This week’s News International phone hacking meltdown has brought the question of media regulation to the forefront of political debate. A number of commentators (see, for example the Angry Mob blog) have drawn attention to David Cameron’s remarkable U turn on the subject of the PCC – in two months it has been transformed from a body which “has come on a lot in recent years” to one which was “ineffective and lacking in rigour”. The reason for the new found desire of the political establishment to take steps to control the press was, paradoxically, a classic “media storm” over the past 7 days, beginning with Milly Dowler and going via Soham and 7/7 to soldiers’ families. The flood of outrage rose so high that “something had to be done”.
It is entirely predictable that the comments of the Prime Minister (and the leader of the opposition) on the PCC would not meet with press approval. The Daily Telegraph complained of his “self-serving attack on press freedom“. In a characteristic piece in the “Daily Mail”, Stephen Glover tells us that “Cameron can’t be allowed to shackle a free press“. The Chief Executive of the Society of Editors, Bob Satchwell, was widely quoted as expressing what might be thought to be surprising thought that the idea that the scandal had shown up a failure of ethics across the industry was “total nonsense”. The PCC itself had a curious response to the Prime Minister’s comments
“We do not accept that the scandal of phone hacking should claim, as a convenient scalp, the Press Complaints Commission. The work of the PCC, and of a press allowed to have freedom of expression, has been grossly undervalued today.
However, as the PCC has said consistently, it believes that the outcome of phone hacking should be a more independent PCC. It is confident that it is precisely what the Prime Minister’s inquiry will also have to conclude. There should be fundamental reform of the system, as we have already recognised and called for. But the PCC can, in the final evaluation, play its part in this“.
In other words, there is nothing wrong with the PCC, but it should be fundamentally reformed and replaced with … the PCC (new and improved).
But, whatever the view of the press, it seems clear that politicians now want to see the end of the PCC in its current incarnation. Although, strictly speaking, only the press can bring the PCC to an end, Parliament can of course replace it by statutory body. And the threat of such replacement will, in practice, mean that the press will go along with any non-statutory” regulatory measures which are recommended by the proposed inquiry into media ethics.
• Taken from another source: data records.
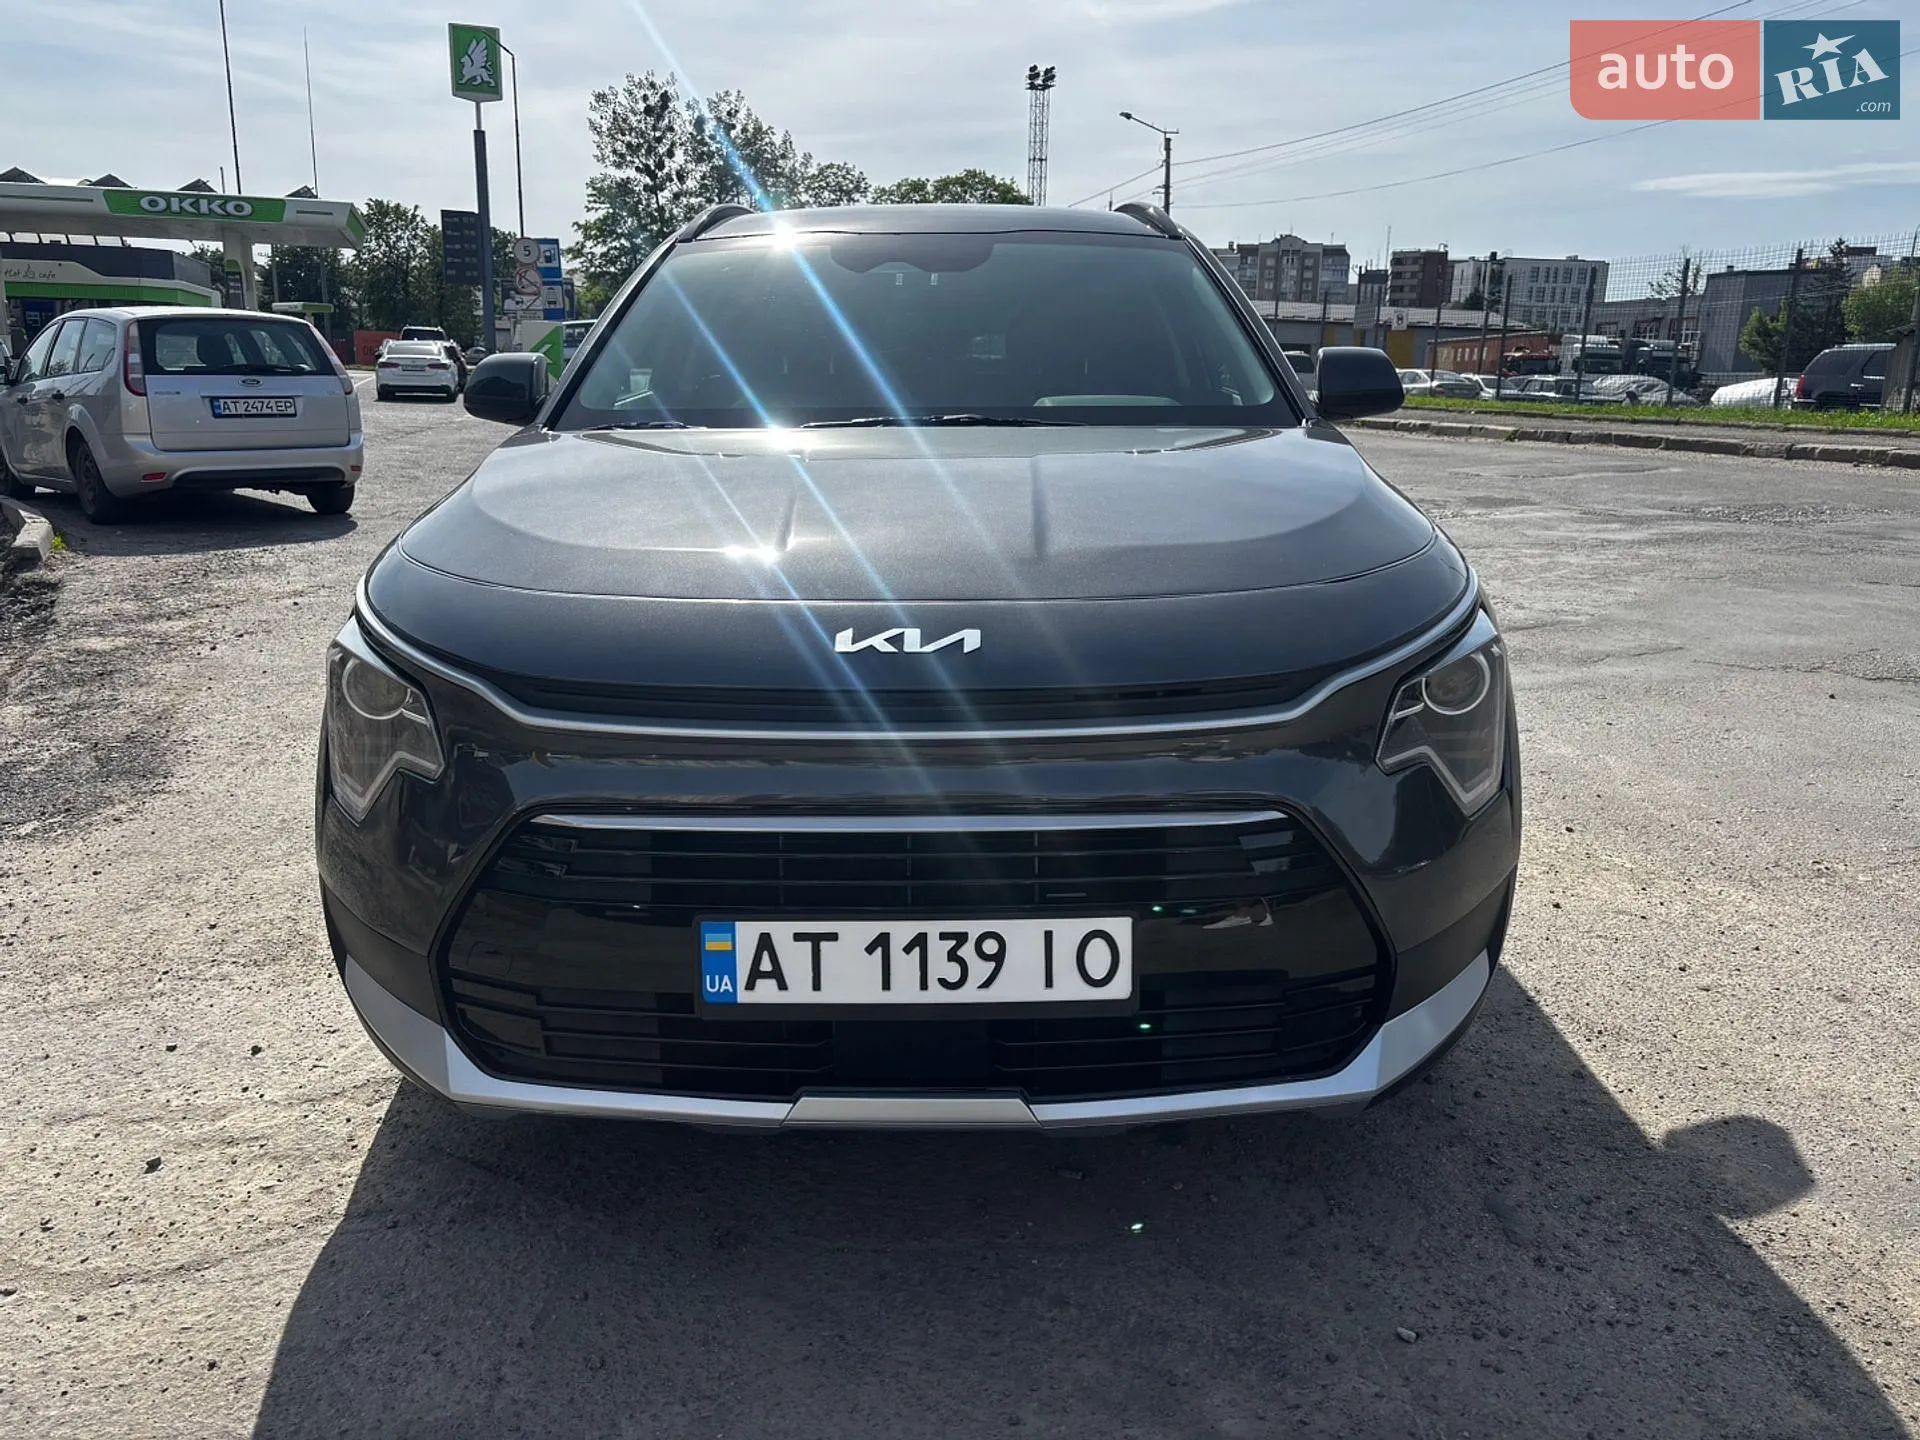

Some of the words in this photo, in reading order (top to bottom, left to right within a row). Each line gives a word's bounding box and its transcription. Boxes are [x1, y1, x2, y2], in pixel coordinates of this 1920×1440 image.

[140, 195, 253, 217] OKKO
[523, 245, 531, 257] 5
[222, 401, 240, 412] AT
[243, 400, 273, 412] 2474
[275, 400, 293, 411] EP
[744, 931, 840, 992] AT
[864, 930, 1007, 992] 1139
[1044, 928, 1121, 989] IO
[706, 975, 733, 993] UA
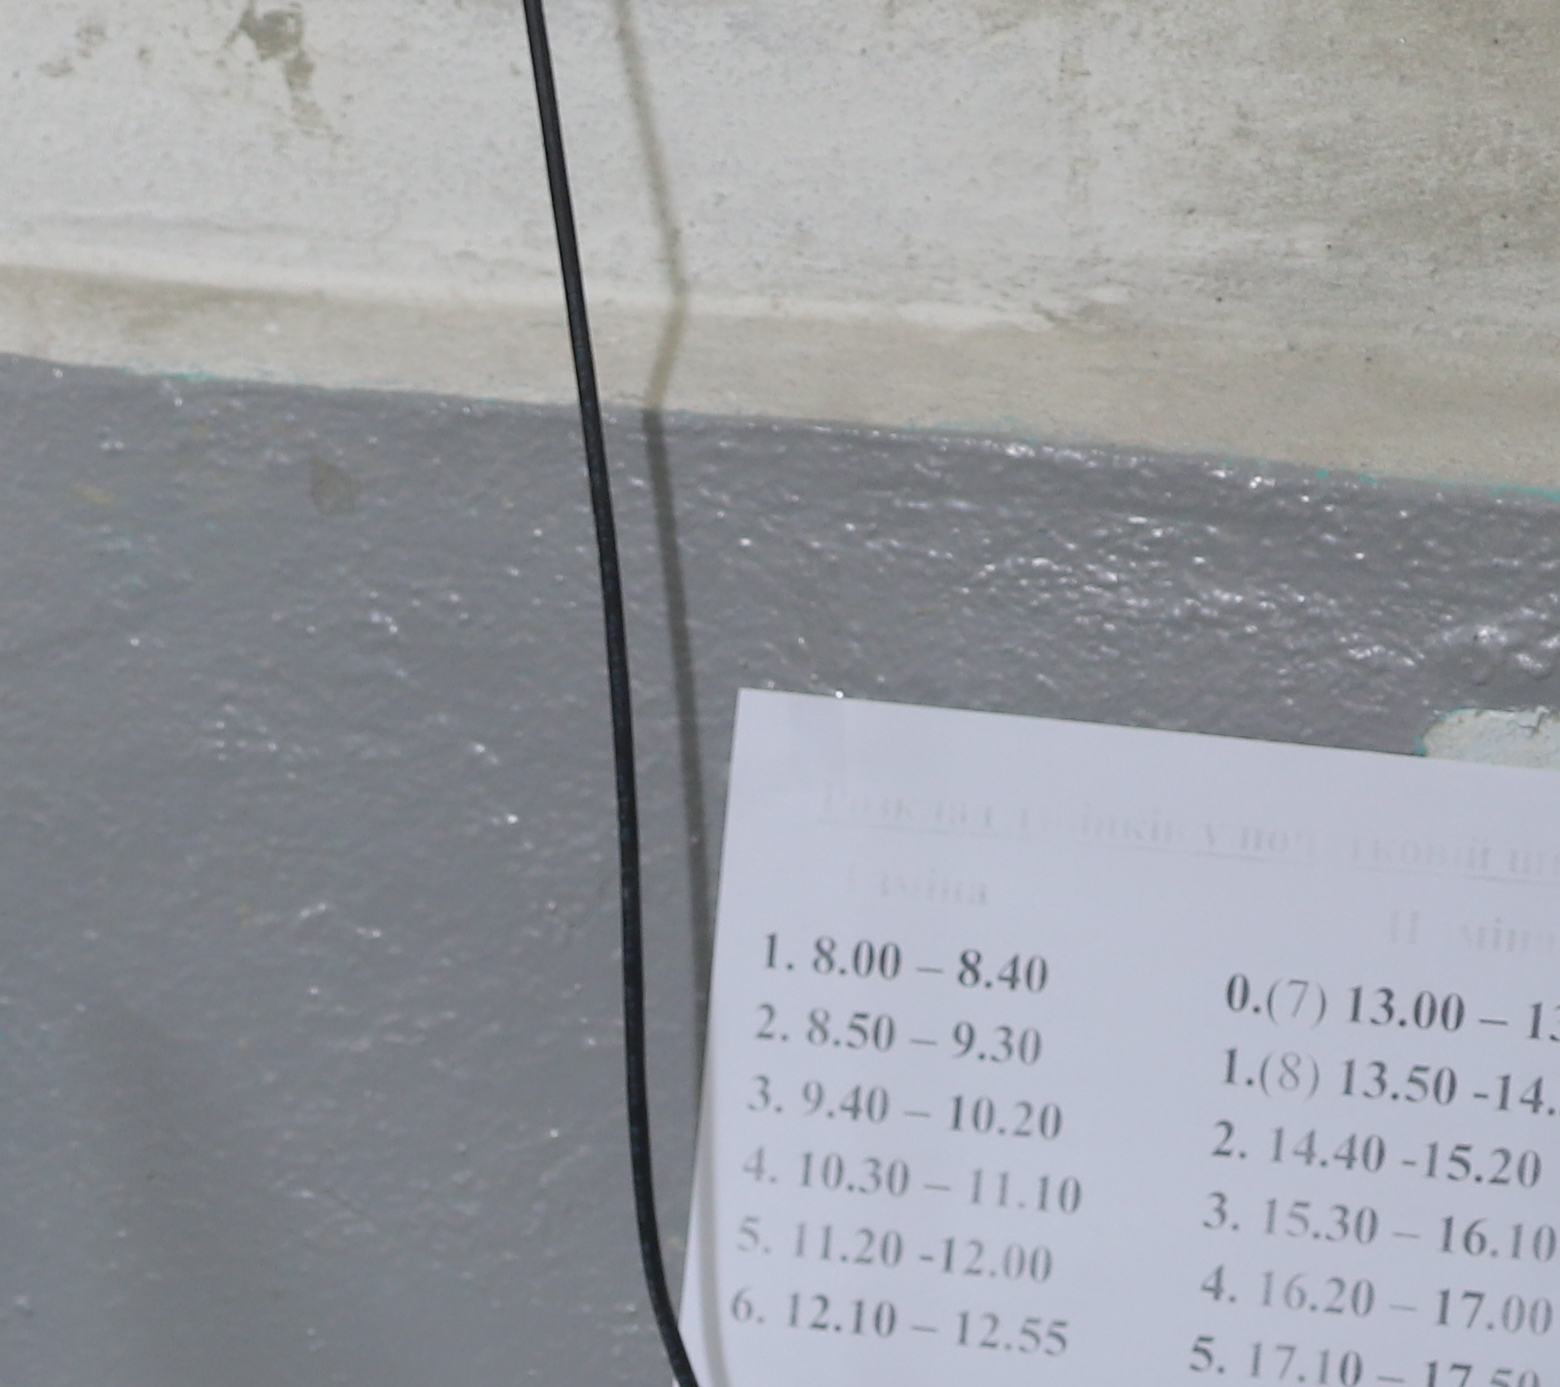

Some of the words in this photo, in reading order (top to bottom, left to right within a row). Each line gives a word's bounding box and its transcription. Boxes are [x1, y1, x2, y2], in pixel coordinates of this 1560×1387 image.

[765, 931, 795, 972] 1.
[811, 935, 903, 982] 8.00
[956, 948, 1050, 994] 8.40
[754, 1002, 790, 1043] 2.
[805, 1008, 897, 1053] 8.50
[951, 1020, 1043, 1065] 9.30
[1224, 972, 1328, 1026] 0.(7)
[1349, 984, 1466, 1033] 13.00
[747, 1074, 784, 1114] 3.
[801, 1081, 891, 1124] 9.40
[950, 1093, 1063, 1141] 10.20
[1223, 1046, 1321, 1099] 1.(8)
[1341, 1058, 1458, 1107] 13.50
[742, 1146, 777, 1184] 4.
[800, 1151, 911, 1197] 10.30
[971, 1168, 1083, 1214] 11.10
[1211, 1118, 1248, 1160] 2.
[1271, 1126, 1387, 1174] 14.40
[1401, 1141, 1543, 1189] -15.20
[738, 1215, 770, 1254] 5.
[795, 1222, 905, 1267] 11.20
[918, 1236, 1053, 1283] -12.00
[1202, 1190, 1240, 1232] 3.
[1265, 1197, 1380, 1245] 15.30
[1440, 1215, 1558, 1262] 16.10
[730, 1288, 765, 1324] 6.
[788, 1292, 898, 1339] 12.10
[957, 1310, 1069, 1357] 12.55
[1200, 1264, 1237, 1304] 4.
[1262, 1271, 1376, 1318] 16.20
[1435, 1288, 1554, 1335] 17.00
[1188, 1334, 1226, 1375] 5.
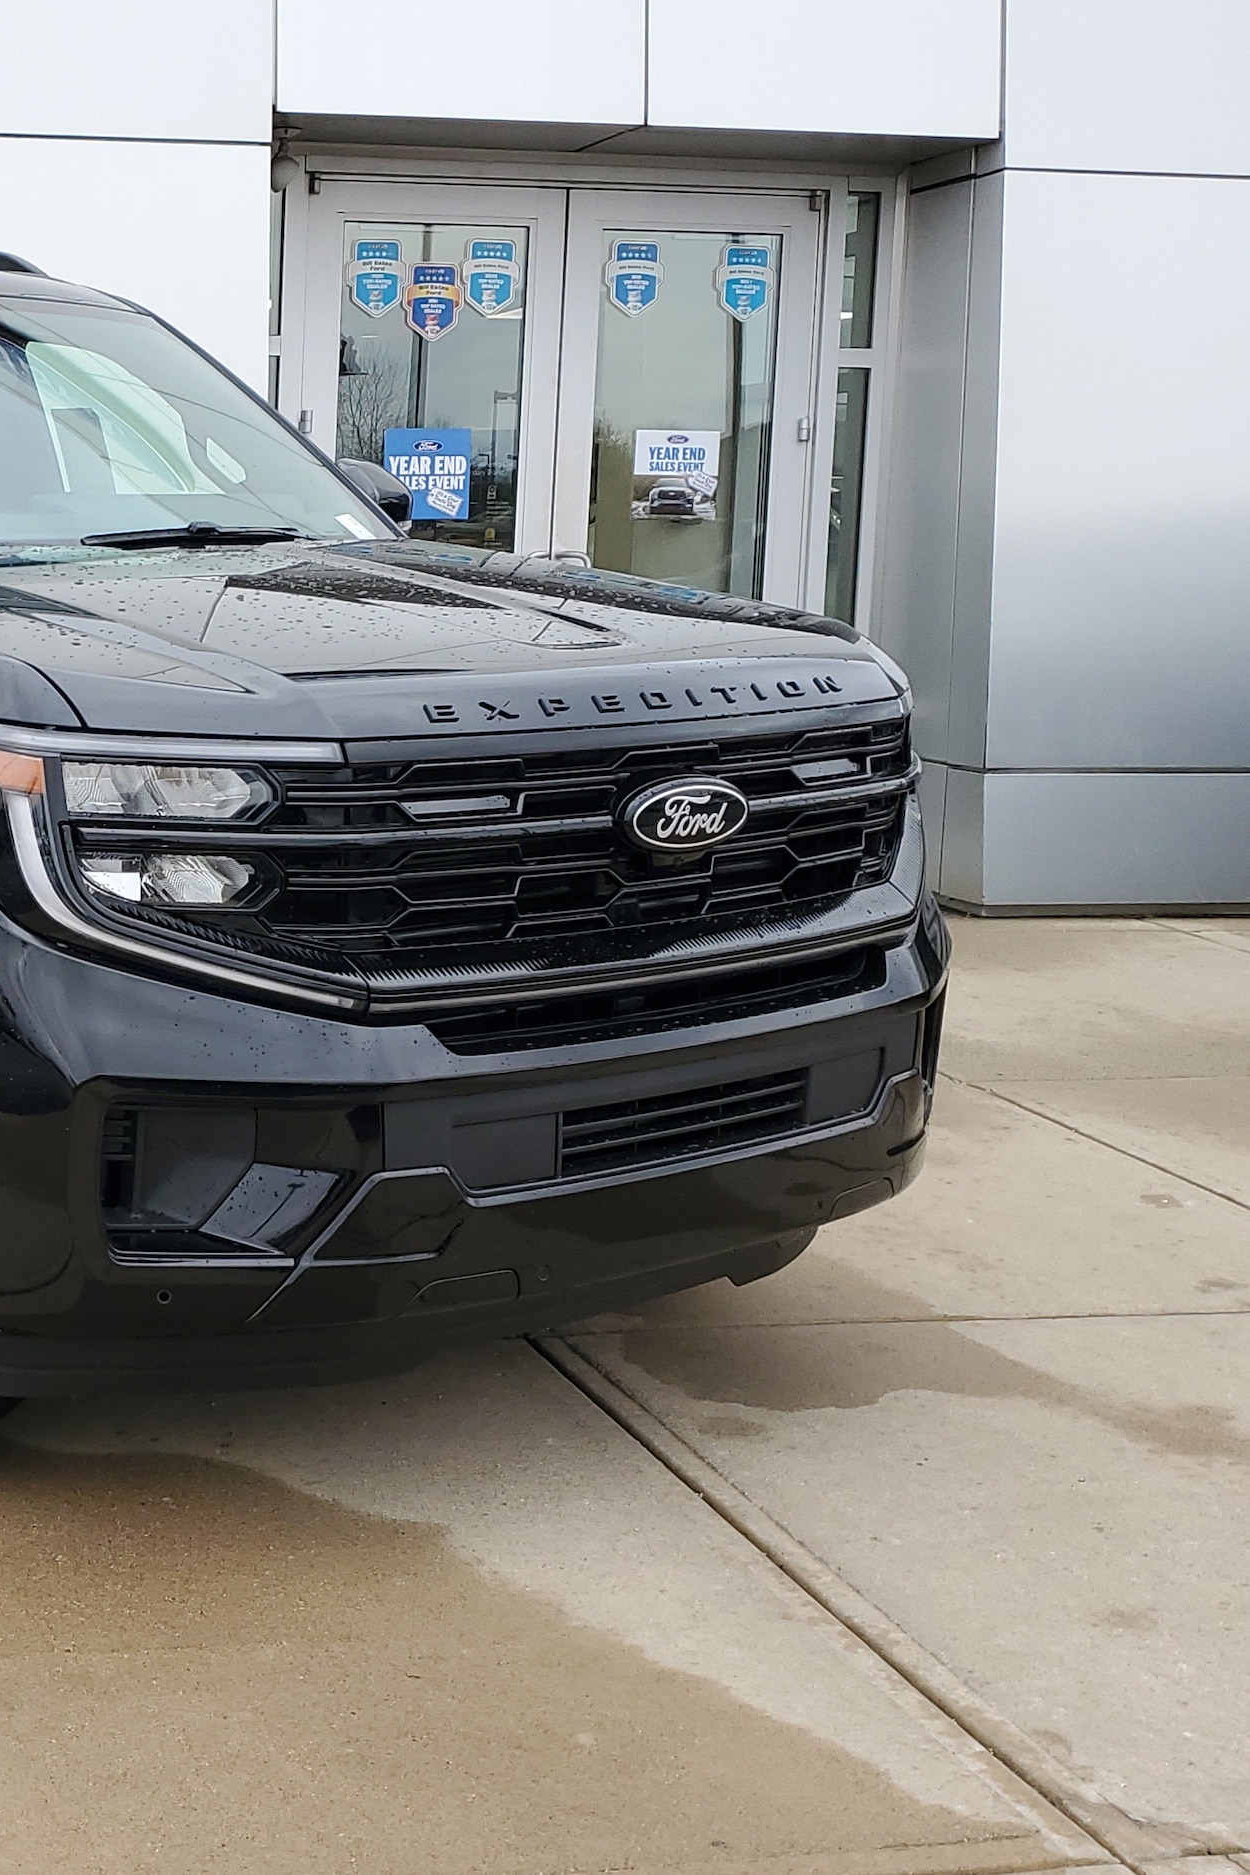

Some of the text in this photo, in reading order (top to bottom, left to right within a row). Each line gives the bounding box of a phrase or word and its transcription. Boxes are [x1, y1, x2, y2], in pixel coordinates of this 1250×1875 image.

[417, 441, 440, 451] Ford
[649, 446, 706, 461] YEAR END
[388, 455, 467, 475] YEAR END
[649, 461, 704, 472] SALES EVENT
[398, 475, 466, 491] ALES EVENT
[422, 674, 843, 724] EXPEDITION
[656, 794, 728, 838] Ford
The central question is whether PCC will be replaced by some new, improved, form of self-regulation or whether the politicians will now draw the line under the last major self-regulated group in Britain and bring them under independent oversight.
The view that statutory regulation is equivalent to “state censorship” is widely held by politicians and journalists – although such complaint is not made by the independently regulated broadcasters. As result, there are many who believe that the only possible result of the “inquiry into media ethics” will be a “Press Council mark 3” (the PCC being mark 2). Roy Greenslade described the PCC itself as “another phone hacking victim” but went on to predict the result would be
“a body will be created with a new name, new members, a new staff (pity – because the current crop are excellent), a new logo, a new website (a good one was already under way at the PCC) and it will be much the same as the current commission. There is no alternative”.
This has, up to now, been the conventional view: that there is no political will to introduce effective independent regulation of the press. But it is possible that things have now changed.
The always thoughtful Kevin Marsh has suggested six priorities for a new press regulator:
- Regulator, not mediator.
- It must become truly independent.
- It will need a new funding arrangement – he suggests that this should be placed on a statutory footing: if you want to run a newspaper, you pay the levy.
- It will need a new, stronger Editors’ Code: He makes the point that:
“The current code of the PCC is the least restrictive that newspaper editors themselves could contrive. Its flimsiness is striking if you read it alongside any US newspaper’s code, or that for major news agencies such as Reuters. It compares badly, too, with the BBC’s Editorial Guidelines, Ofcom’s code, or even the NUJ’s.”
- It will need investigative powers and a mechanism to trigger them.
- It must be able to impose proper sanctions.
This is not a bad list for a start. But it is difficult to see how such priorities could be implemented without a statutory framework. If a new regulator is a “self-regulator” and is, therefore, voluntary a newspaper which does not like the sanctions can withdraw. The “Express” newspaper group has already left the the PCC. If, for example, a tough new regulator could impose substantial fines isn’t it likely that a newspaper which did not agree with its conclusions would simply leave?
The solution is a simple one: statutory regulation on the OFCOM model. Anyone who publishes in the United Kingdom would be regulated by such a body – OFPRESS (or rather, in an age where newspapers are going digital and have “TV” channels and twitter feeds, a combined broadcasting and press version, OFMEDIA). This would be independent of both press and government. If a publisher broke the rules it would be sanctioned – fines or, in the case of persistent offenders, a order closing the publication down. This has the virtue of clarity and consistency and removes the anomaly of the press being the last serious “self-regulated” body in the country. Doctors, lawyers and MPs are independently regulated. Why not the press?
Kevin Marsh draws attention to this observation:
“70% of the public trust regulated broadcasters; 20% trust the unregulated press. You do the math“.